Essentially, you take cash out of your current home in the form of a home equity line of credit (HELOC) to put a down payment on your new home. This loan gets paid off when you sell your current home.
This strategy helps make your offer STRONG in a market where standing out is essential!
But there are still some things to take into consideration if you go this route, so it’s important to consult your trusted mortgage experts at New Way Mortgage before getting started.
A bridge loan is another financing option when you’re buying and selling your California home at the same time. It’s a short-term loan offered by a bank to cover your down payment until your old home closes; it uses your current home as collateral. It’s designed to be repaid in the short term. They have various repayment terms; some have monthly payments while other require lump-sum interest payments.
A bridge loan helps you tap the equity in your current residence as a down payment while essentially owning two properties concurrently.

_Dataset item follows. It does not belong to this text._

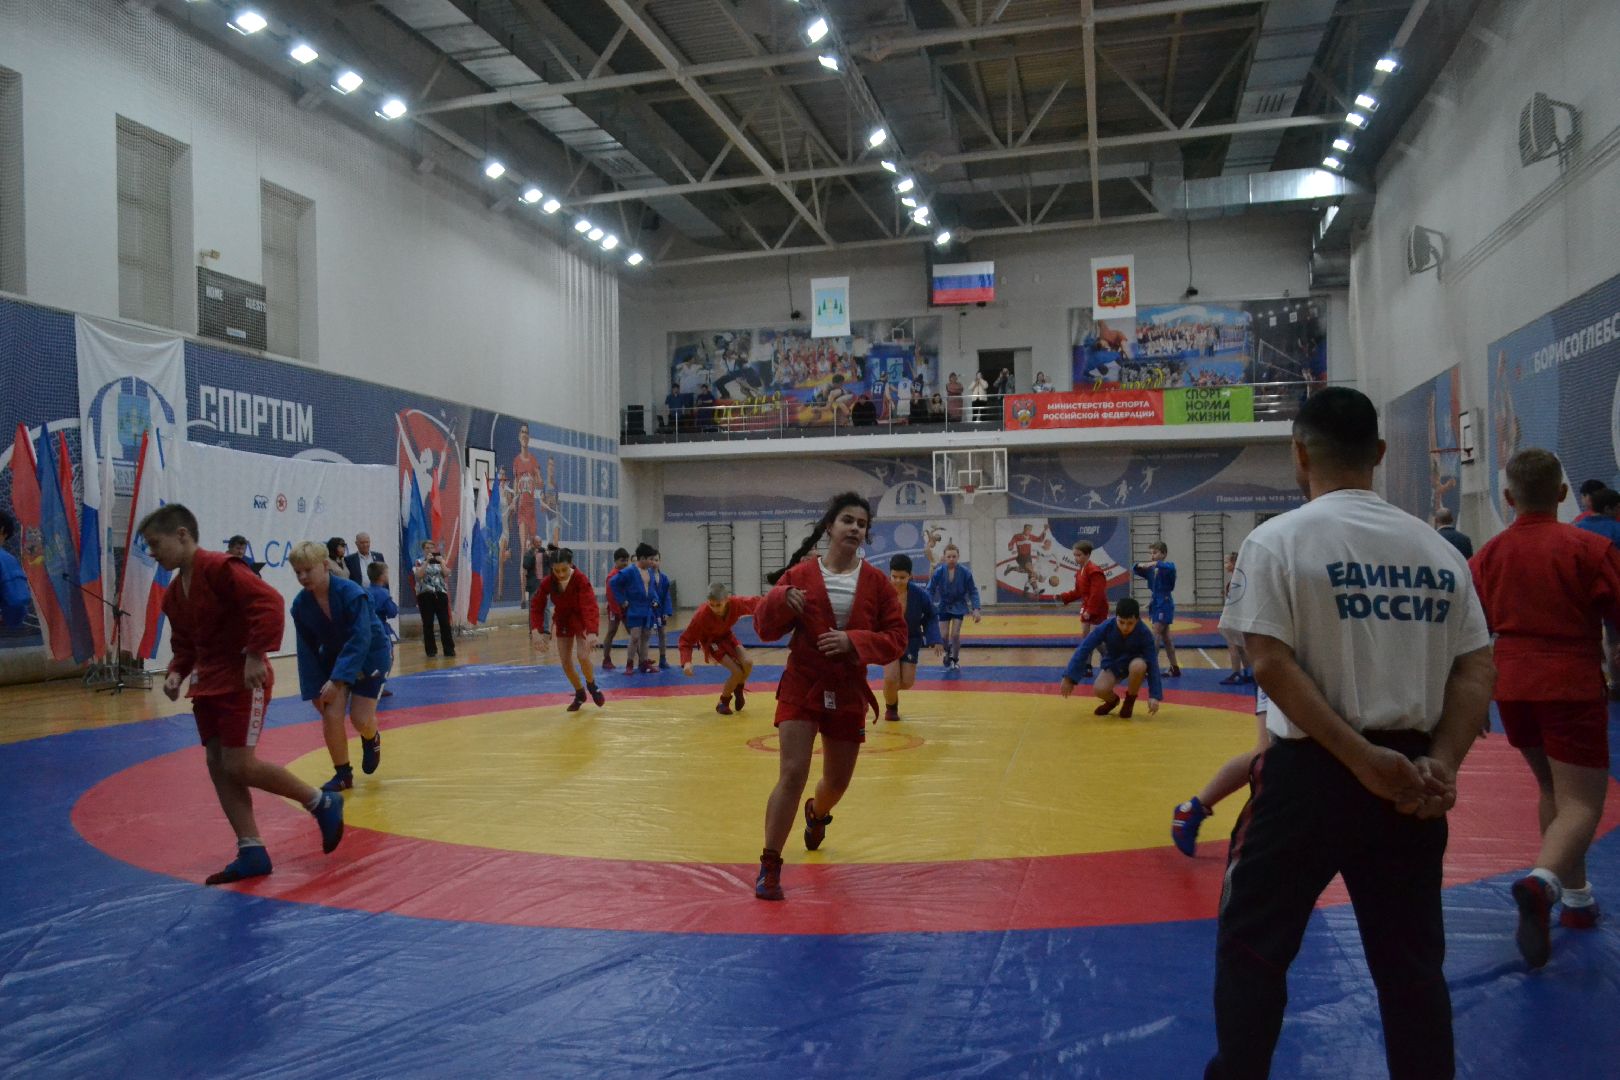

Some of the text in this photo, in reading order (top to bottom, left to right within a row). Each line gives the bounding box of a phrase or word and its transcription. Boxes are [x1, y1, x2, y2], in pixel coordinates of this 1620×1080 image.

It can really help get you through if there’s a lag in closing dates on both homes, as well.
One other option is a rent-back provision, which allows you to close on your old home but rent it back from the new owners for a short time after closing. This works best in a seller’s market, where buyers have to be more flexible with terms to get the home they want.
Ready to move out of your old home and into a new one? No matter what your situation is, we’re here to help you find the financing to make your dreams of a new home happen in our current market. Just text or call us at (916) 465-6639 or go here to get started!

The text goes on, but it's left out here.